▶

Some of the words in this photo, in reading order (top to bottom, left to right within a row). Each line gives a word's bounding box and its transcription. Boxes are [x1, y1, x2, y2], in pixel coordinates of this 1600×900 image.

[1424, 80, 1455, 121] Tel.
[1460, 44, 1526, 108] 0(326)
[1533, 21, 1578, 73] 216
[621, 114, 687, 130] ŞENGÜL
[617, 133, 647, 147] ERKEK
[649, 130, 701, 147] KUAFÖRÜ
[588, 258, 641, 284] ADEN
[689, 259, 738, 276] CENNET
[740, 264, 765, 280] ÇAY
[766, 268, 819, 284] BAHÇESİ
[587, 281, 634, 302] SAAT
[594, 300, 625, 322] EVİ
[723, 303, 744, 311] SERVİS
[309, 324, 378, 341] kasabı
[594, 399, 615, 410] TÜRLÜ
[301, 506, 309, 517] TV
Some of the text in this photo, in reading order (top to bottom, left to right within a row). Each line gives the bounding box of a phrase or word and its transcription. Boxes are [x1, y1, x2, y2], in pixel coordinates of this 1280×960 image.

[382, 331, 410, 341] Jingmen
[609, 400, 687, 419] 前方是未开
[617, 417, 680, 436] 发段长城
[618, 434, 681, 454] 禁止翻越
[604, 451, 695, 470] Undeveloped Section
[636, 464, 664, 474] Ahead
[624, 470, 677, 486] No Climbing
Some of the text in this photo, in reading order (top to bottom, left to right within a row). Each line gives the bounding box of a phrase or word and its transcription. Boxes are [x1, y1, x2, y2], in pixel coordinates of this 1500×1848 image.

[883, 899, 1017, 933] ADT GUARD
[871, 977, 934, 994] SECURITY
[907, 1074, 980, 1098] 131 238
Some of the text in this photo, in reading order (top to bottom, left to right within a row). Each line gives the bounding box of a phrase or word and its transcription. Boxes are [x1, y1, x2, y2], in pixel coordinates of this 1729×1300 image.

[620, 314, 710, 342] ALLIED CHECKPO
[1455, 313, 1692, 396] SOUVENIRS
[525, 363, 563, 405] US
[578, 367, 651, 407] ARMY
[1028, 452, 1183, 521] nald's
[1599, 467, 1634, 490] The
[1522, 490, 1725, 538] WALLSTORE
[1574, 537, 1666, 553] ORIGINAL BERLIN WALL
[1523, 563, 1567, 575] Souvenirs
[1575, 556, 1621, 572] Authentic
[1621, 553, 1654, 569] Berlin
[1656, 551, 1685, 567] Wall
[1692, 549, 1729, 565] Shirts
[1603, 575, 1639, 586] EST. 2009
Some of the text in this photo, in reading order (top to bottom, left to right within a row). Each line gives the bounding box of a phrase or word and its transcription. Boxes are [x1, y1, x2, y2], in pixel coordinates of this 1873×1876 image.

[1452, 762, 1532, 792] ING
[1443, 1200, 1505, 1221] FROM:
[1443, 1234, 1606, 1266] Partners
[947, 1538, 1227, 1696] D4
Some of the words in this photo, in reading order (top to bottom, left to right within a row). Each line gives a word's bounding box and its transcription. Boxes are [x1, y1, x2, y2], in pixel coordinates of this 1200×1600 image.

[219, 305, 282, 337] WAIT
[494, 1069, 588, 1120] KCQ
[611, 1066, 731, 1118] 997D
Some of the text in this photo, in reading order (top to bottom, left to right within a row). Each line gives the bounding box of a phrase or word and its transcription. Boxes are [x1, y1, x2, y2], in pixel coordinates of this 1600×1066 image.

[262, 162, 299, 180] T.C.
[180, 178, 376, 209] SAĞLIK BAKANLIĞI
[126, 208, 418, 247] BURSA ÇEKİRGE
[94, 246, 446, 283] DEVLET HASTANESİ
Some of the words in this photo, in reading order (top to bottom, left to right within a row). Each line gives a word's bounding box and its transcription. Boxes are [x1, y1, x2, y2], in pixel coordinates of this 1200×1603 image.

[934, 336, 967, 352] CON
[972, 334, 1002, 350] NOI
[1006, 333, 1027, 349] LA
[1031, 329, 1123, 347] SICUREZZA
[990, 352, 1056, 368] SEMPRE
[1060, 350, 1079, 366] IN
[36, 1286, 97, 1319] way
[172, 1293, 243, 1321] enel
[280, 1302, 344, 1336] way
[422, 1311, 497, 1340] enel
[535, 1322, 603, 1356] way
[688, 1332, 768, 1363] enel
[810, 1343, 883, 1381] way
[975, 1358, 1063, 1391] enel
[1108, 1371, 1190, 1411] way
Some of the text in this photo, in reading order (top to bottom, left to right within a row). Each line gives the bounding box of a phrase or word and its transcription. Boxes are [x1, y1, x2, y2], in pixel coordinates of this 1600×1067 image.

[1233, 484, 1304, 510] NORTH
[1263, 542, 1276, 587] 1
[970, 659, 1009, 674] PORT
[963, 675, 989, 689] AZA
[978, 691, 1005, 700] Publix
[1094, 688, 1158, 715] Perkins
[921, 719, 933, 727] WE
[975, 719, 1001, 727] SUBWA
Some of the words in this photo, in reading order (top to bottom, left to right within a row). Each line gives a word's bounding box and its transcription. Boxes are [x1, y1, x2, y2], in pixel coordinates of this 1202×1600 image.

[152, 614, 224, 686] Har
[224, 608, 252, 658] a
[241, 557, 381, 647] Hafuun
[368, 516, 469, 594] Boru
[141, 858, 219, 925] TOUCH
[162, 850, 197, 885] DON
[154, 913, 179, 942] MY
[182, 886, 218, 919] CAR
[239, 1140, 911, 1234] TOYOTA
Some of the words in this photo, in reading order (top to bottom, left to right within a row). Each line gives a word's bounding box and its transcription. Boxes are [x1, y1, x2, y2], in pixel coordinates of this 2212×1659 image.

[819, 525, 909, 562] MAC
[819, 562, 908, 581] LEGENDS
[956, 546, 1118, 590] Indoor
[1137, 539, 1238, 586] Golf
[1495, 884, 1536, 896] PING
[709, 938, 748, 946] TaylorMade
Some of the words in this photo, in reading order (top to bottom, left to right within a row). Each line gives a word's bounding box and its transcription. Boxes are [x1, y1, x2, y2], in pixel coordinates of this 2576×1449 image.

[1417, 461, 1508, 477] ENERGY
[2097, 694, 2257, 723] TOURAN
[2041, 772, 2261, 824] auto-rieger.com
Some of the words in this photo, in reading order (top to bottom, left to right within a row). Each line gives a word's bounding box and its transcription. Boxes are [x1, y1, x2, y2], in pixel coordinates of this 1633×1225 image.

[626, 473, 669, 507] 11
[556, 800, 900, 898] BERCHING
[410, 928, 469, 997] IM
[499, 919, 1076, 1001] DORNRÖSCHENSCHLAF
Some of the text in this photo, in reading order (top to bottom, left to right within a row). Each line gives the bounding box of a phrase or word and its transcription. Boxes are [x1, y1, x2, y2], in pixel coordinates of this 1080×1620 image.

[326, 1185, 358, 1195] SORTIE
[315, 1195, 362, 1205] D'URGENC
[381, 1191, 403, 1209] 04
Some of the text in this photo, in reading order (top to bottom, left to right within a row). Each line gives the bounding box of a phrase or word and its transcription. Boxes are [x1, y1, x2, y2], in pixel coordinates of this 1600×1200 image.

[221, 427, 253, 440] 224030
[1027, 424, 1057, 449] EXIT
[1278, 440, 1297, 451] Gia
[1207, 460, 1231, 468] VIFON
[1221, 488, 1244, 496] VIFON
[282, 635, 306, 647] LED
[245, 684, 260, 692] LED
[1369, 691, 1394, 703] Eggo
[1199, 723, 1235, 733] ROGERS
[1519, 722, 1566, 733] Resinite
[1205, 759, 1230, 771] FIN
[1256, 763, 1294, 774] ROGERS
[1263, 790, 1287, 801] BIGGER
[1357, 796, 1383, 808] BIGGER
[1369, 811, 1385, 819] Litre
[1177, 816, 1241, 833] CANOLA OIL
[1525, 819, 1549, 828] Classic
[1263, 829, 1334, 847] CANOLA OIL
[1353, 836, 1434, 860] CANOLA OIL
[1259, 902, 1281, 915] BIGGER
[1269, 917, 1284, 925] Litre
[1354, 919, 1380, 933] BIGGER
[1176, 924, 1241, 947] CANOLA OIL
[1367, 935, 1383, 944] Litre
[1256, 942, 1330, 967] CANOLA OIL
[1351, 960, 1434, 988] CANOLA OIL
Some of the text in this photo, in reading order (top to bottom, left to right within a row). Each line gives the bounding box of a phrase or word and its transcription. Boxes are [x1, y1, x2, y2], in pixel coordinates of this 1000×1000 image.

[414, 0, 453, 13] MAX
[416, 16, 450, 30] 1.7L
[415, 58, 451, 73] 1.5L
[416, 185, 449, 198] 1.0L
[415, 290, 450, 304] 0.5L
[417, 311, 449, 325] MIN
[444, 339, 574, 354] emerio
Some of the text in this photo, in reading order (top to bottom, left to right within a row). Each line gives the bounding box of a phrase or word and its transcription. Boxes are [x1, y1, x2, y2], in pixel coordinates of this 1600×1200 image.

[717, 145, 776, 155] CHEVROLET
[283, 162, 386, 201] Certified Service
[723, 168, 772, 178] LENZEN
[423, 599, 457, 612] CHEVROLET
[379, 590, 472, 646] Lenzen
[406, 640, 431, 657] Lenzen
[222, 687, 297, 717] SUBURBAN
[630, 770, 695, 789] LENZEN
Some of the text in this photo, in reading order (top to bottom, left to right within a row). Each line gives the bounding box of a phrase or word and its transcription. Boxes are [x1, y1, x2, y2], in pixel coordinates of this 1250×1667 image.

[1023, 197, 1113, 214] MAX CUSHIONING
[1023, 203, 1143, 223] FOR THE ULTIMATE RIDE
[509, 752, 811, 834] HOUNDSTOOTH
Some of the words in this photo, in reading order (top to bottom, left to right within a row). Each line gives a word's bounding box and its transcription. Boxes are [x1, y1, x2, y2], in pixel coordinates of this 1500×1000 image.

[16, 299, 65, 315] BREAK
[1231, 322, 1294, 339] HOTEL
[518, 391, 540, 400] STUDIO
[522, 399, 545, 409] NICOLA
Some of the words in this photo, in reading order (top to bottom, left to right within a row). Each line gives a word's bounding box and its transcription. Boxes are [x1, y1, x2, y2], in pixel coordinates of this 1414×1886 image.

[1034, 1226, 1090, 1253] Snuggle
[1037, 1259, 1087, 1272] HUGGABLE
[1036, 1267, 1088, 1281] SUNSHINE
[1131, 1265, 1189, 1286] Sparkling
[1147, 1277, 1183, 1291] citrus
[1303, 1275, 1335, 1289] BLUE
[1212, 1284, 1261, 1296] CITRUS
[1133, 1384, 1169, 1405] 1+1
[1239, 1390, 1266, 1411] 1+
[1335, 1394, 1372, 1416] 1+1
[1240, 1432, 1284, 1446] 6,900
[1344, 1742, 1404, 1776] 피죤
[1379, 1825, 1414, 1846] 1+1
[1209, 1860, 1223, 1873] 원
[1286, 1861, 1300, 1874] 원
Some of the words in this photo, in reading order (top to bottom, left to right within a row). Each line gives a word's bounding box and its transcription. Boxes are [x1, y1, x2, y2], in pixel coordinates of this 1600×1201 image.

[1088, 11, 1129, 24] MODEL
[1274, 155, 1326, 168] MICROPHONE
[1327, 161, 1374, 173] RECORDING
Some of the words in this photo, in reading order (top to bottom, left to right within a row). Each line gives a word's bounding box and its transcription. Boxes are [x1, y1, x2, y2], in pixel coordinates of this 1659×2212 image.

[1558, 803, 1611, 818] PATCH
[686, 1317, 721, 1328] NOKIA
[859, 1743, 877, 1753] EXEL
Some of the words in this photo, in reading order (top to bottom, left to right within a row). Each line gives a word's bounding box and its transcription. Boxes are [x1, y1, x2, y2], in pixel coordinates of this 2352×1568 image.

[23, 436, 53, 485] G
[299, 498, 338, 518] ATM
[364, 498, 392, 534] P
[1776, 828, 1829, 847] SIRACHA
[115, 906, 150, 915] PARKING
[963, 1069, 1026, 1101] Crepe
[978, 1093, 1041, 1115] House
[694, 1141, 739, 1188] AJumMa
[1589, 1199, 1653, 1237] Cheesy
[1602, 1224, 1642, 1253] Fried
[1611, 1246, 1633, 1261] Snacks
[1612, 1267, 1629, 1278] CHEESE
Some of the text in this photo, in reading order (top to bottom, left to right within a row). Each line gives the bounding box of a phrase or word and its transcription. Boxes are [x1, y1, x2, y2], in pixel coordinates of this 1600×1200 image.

◀

## About this task
Print exactly, and only, the lines from the line containing "this 2352×1568 image." through the final line of the records, both included.

## Solution
Some of the words in this photo, in reading order (top to bottom, left to right within a row). Each line gives a word's bounding box and its transcription. Boxes are [x1, y1, x2, y2], in pixel coordinates of this 2352×1568 image.

[23, 436, 53, 485] G
[299, 498, 338, 518] ATM
[364, 498, 392, 534] P
[1776, 828, 1829, 847] SIRACHA
[115, 906, 150, 915] PARKING
[963, 1069, 1026, 1101] Crepe
[978, 1093, 1041, 1115] House
[694, 1141, 739, 1188] AJumMa
[1589, 1199, 1653, 1237] Cheesy
[1602, 1224, 1642, 1253] Fried
[1611, 1246, 1633, 1261] Snacks
[1612, 1267, 1629, 1278] CHEESE
Some of the text in this photo, in reading order (top to bottom, left to right within a row). Each line gives the bounding box of a phrase or word and its transcription. Boxes are [x1, y1, x2, y2], in pixel coordinates of this 1600×1200 image.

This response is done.